In particolare sono state aggiunte le schede relative ai settori:

  • strutture ricettive all’aperto (campeggi);
  • rifugi alpini;
  • attività fisica all’aperto;
  • noleggio veicoli e altre attrezzature;
  • informatori scientifici del farmaco;
  • aree giochi per bambini;
  • circoli culturali e ricreativi;
  • formazione professionale;
  • cinema e spettacoli;
  • parchi tematici e di divertimento;
  • sagre e fiere;
  • servizi per l’infanzia e l’adolescenza;

testi che si aggiungono a quelli resi noti in precedenza (ristorazione; attività turistiche, stabilimenti balneari e spiagge ; strutture ricettive; servizi alla persona – acconciatori, estetisti e tatuatori; commercio al dettaglio; commercio al dettaglio su aree pubbliche (mercati e mercatini degli hobbisti); uffici aperti al pubblico; piscine; palestre; manutenzione del verde; musei, archivi e biblioteche).
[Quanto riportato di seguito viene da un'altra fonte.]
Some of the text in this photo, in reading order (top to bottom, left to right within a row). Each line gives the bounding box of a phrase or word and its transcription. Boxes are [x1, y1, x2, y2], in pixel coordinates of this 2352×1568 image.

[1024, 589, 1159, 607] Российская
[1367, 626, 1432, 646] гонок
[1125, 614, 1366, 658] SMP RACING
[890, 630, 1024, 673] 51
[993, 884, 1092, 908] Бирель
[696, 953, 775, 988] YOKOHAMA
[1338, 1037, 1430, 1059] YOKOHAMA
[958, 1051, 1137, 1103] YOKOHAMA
Ulteriore contributo della Conferenza delle Regioni

L’integrazione delle linee guida – ha dichiarato il Vicepresidente della Conferenza delle Regioni, Giovanni Toti – rappresenta un ulteriore contributo che la Conferenza delle Regioni dà al Paese per affrontare questa delicata fase di riattivazione del sistema economico e sociale.
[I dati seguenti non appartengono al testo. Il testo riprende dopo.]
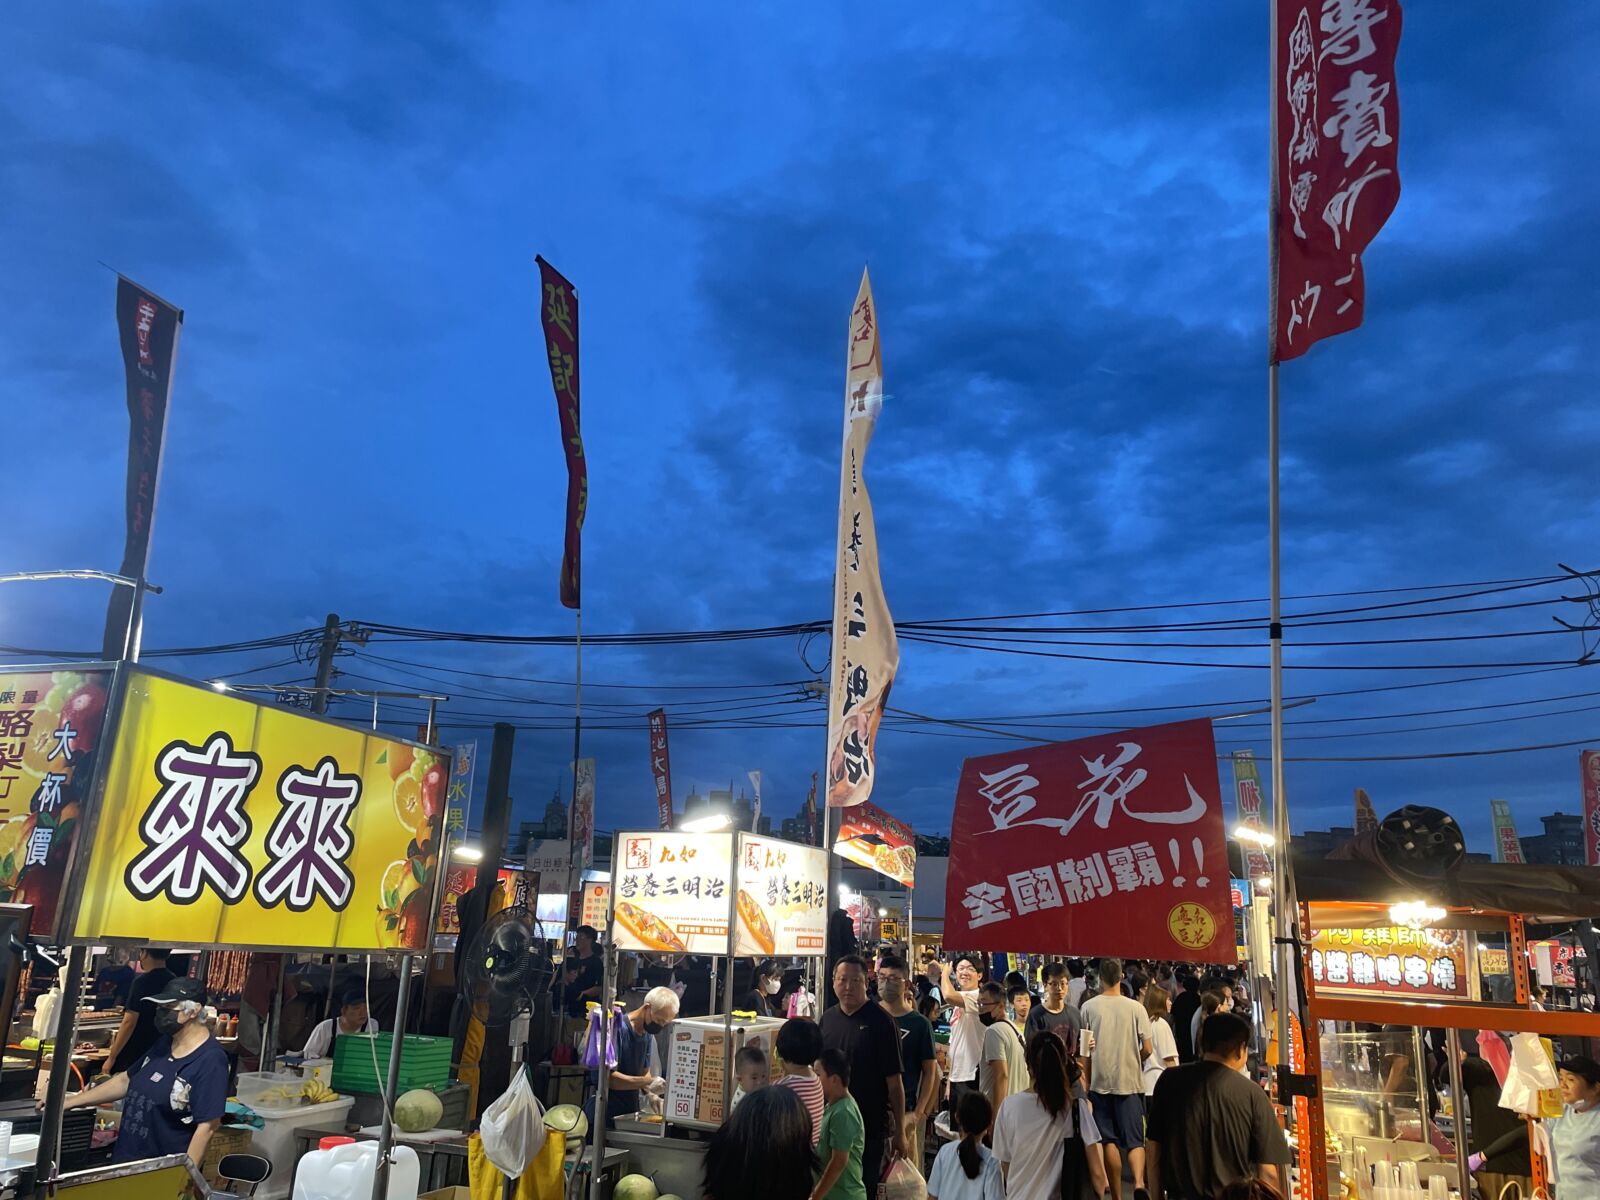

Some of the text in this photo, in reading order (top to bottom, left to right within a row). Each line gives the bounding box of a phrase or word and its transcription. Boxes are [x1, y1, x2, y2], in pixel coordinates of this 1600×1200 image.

[26, 722, 78, 866] 大杯價
[972, 742, 1207, 836] 豆花
[659, 845, 697, 864] 九如
[620, 872, 725, 900] 營養三明治
[766, 874, 824, 909] 營養三明治
[677, 1103, 689, 1113] 50
Questo testo – ha spiegato Toti – offre un quadro di certezze a molti settori che erano in attesa, consente un’applicazione omogenea delle disposizioni su tutto il territorio nazionale, anche nelle specifiche declinazioni regionali e si inquadra in un’ottica di collaborazione istituzionale e di sussidiarietà”.

Nuove linee guida inviate a Conte, Speranza e Boccia

La versione aggiornata delle “Linee guida” della Conferenza delle Regioni è stata poi inviate al Presidente del Consiglio, Giuseppe Conte, al Ministro della Salute, Roberto Speranza e al ministro per gli Affari Regionali. Francesco Boccia, perché si possa procedere all’aggiornamento del DPCM del 17 maggio 2020 ai fini della pubblicazione in Gazzetta Ufficiale, anche per un coerente coordinamento dei testi.